With more than 450,000 international students, the UK is the second most popular destination for international study in the world.
International students play a critical role in financing university conduct and the overall performance of the knowledge economy in the UK. They contribute approximately £25 billion to the UK’s annual services exports.
The number of international students was only set to rise in the coming years. That is, until the knowledge economy saw unprecedented setbacks in the name of covid-19.
As the 2020/2021 school year is around the corner, there are several predictions about the impact of international student enrolment on higher education in the UK.
1. Many international students will not return
With travel restrictions and new visa rules, many students are unlikely to return to campuses abroad.
For the UK’s biggest group of overseas students, Chinese students, many are afraid to come to the UK to study because of fears of high death tolls and infection rates.
A letter submitted on 28 July by a concerned parent to The Star urges Malaysian students studying in the UK to stay at home. This is despite many UK universities calling their students back to attend courses on campus in September.
Many have applied for domestic study instead.
Norwegian universities saw a 8.7 per cent increase in applications in 2020, as students are looking at domestic study rather than studies abroad. Norwegians also make up a significant portion of the international student population in Britain.
UK universities worry about the financial impact of this.
2. The future flow of students will be multi-directional
International study in the UK tends to flow one-way; clever young people from abroad take their skills to richer, sometimes more developed countries, and stay to work afterward.
King’s College London asserts that the travel and income disruptions caused by covid-19 may boost the appeal and potential of intra-regional study.
Many overseas students, particularly from Asian countries, are increasingly considering more affordable options closer to home.
Should students begin their international studies in neighbouring countries instead, these universities may climb the world university rankings and boost their international reputation.

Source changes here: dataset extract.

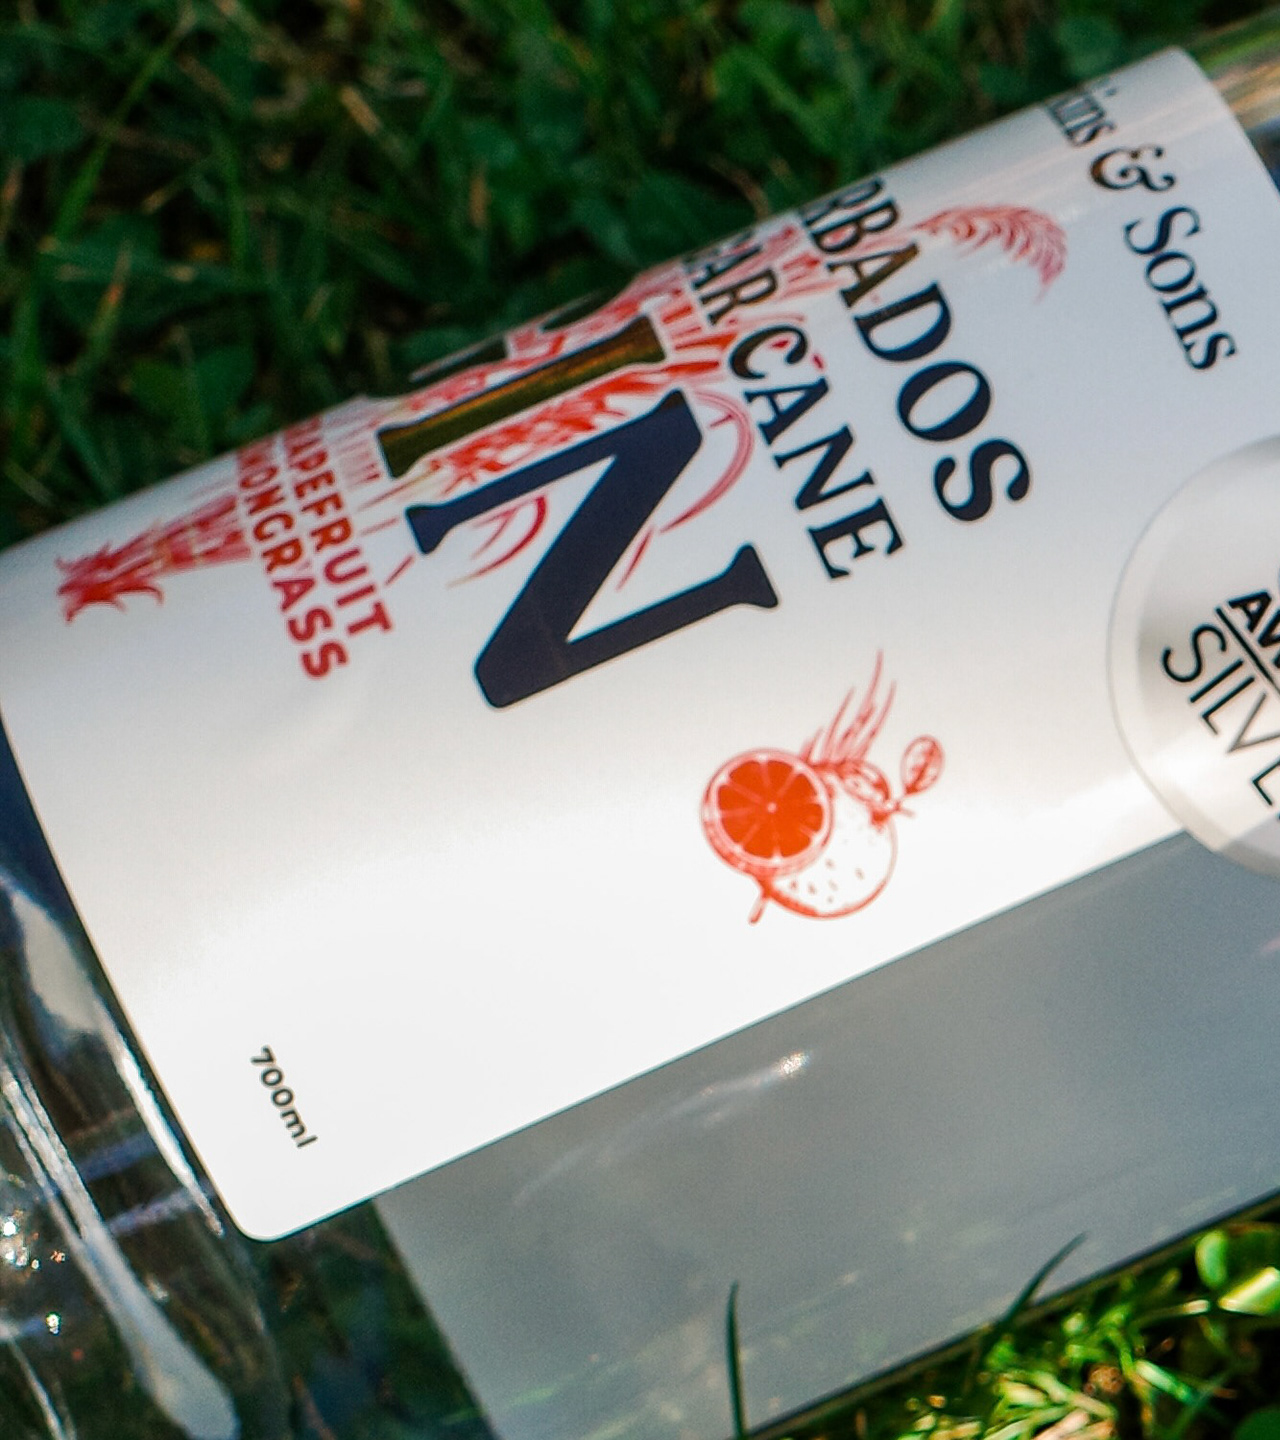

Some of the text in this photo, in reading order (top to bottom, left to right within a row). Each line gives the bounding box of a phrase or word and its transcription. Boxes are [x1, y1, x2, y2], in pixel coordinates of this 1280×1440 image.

[1091, 146, 1175, 191] &
[1124, 206, 1237, 370] Sons
[729, 325, 904, 580] CANE
[251, 1046, 318, 1149] 700ml

In turn, international education might move away from its Western English-speaking archetype.
3. Fewer humanities degrees, more business degrees
Students, both international and domestic alike, are likely to switch to degrees considered ‘safer’ under capitalism, such as business, marketing and engineering. These teach people how to be successful within the system.
As we are facing a difficult and uncertain job market, emphasis might be placed on education that is more versatile, leading to jobs within fields that aren’t necessarily going to be affected by lock-down measures.
This will also likely cause a decrease in students studying humanities and arts, such as sociology, anthropology and politics, because these encourage revolutionary thinking and usually lead to careers in more competitive, creative fields.
4. Online teaching
It has been predicted that most of the universities in the UK will only resume their face-to-face teaching at the end of the year. Until then, classes and exams are conducted online.
The frequency of online teaching methods and distance-learning will likely continue in the pandemic aftermath.
This may benefit many mid-income families abroad unable to finance multi-year programmes of international study, which has traditionally been a privilege reserved for those who have money or can secure financial aid.
Forward-thinking universities may therefore reach a wider pool of talent if they are able to offer accessible and efficient technology and learning methods in the future.
International study that is less elitist and carbon-intensive will, at least, be one benefit of this pandemic.
5. International education will continue
Despite the online teaching of next year, online classes is not expected to compensate for or replace the campus experience in coming years.
A QS survey of 11,000 prospective international students found that 85 per cent were still considering applying, although many of these were deferring their entry for a year.
The motivation behind international education, leaving home in pursuit of new knowledge abroad, continues to stay strong, especially for the groups who can usually access them.
But the pandemic and its disruptions will hopefully bring a new phase of growth for international education in the UK.